In its decision, the trial court noted that Isaac was appointed administrator of Catherine's estate. The decision further noted that Catherine's purported will had not yet been admitted to probate:

In addition to being the Administrator, assuming that no will is submitted for probate, [plaintiff] would also be a beneficiary to the intestate succession of [Catherine's] assets. Therefore, the Court's scenario for equitable distribution will create a situation where one-half of the marital assets will belong to [plaintiff] and one-half of the marital assets will belong to [Catherine's] Estate of which [plaintiff] is the Administrator and primary beneficiary in accordance with the intestate statute.

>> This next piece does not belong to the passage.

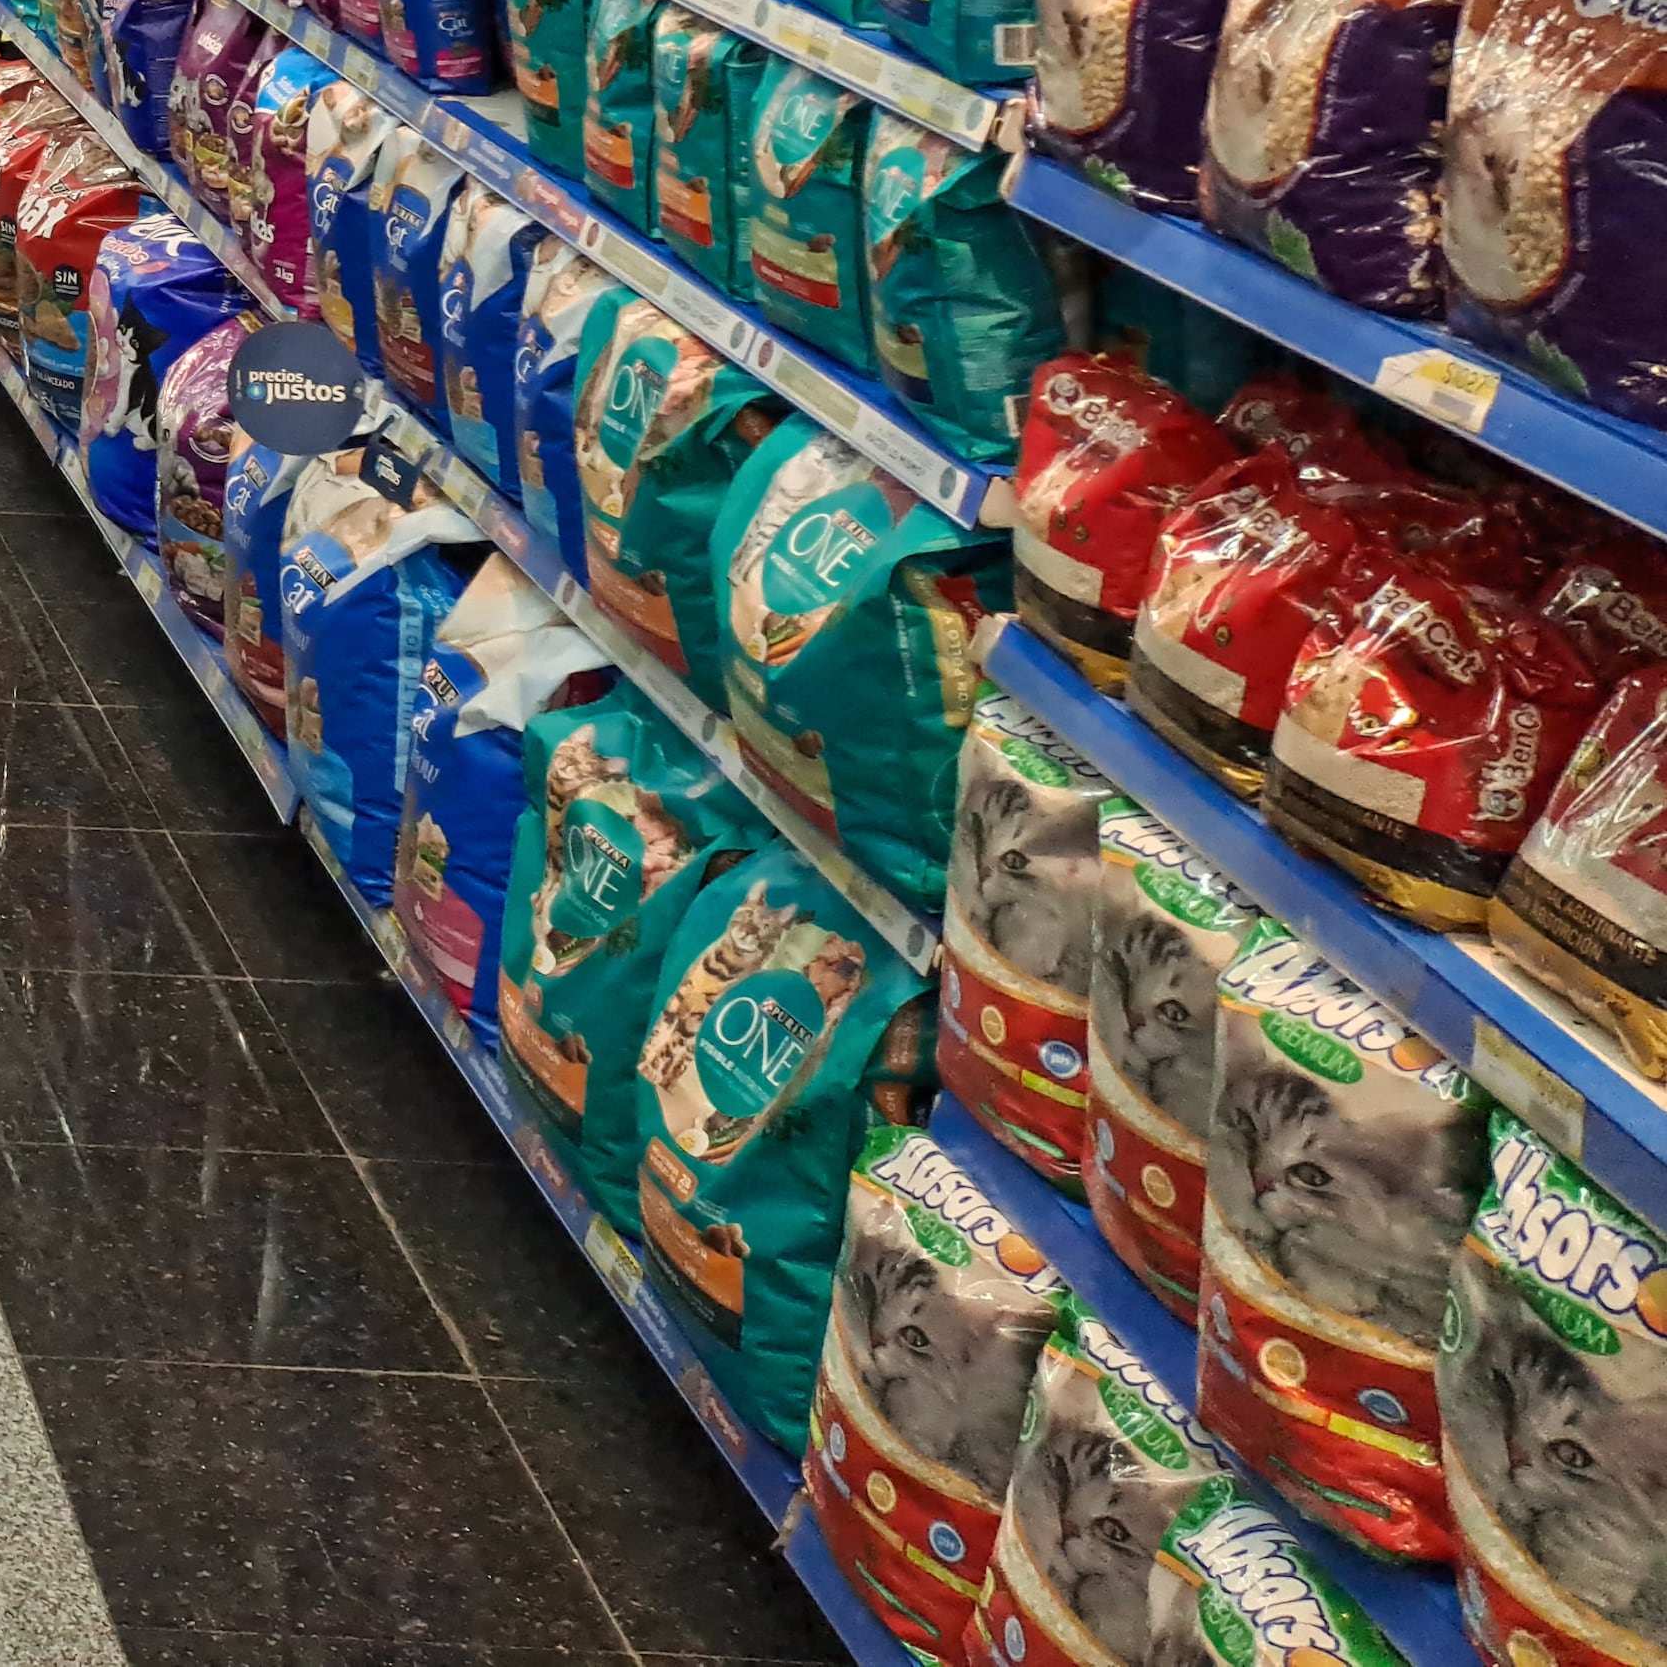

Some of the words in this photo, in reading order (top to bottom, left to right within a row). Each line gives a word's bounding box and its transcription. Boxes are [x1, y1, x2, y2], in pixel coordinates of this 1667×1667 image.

Although Catherine's estate is not represented in this appeal, we make the following observations with respect to it:

1. A new administrator must be appointed for Catherine's estate in light of Isaac's death.

2. The marital assets in the constructive trust must be distributed before a determination of the assets in Catherine's estate can be made.

3. We make no determination regarding the admission of Catherine's will to probate because that matter is not before us. We note, however, that if the will is not admitted to probate, Isaac takes her entire estate under the intestacy statute, N.J.S.A. 3B:5-1 to -16. We have not been advised as to whether Isaac had a will. If he did not, his estate must also be distributed in accordance with the intestacy statute. Otherwise, Isaac's will would be subject to probate.

We have carefully considered the remaining issues raised by Isaac in light of the record and the applicable law. We are satisfied that these remaining issues lack sufficient merit to warrant further discussion in this opinion. R. 2:11-3(e)(1)(E).

Reversed and remanded for further proceedings in accordance with this opinion. We do not retain jurisdiction.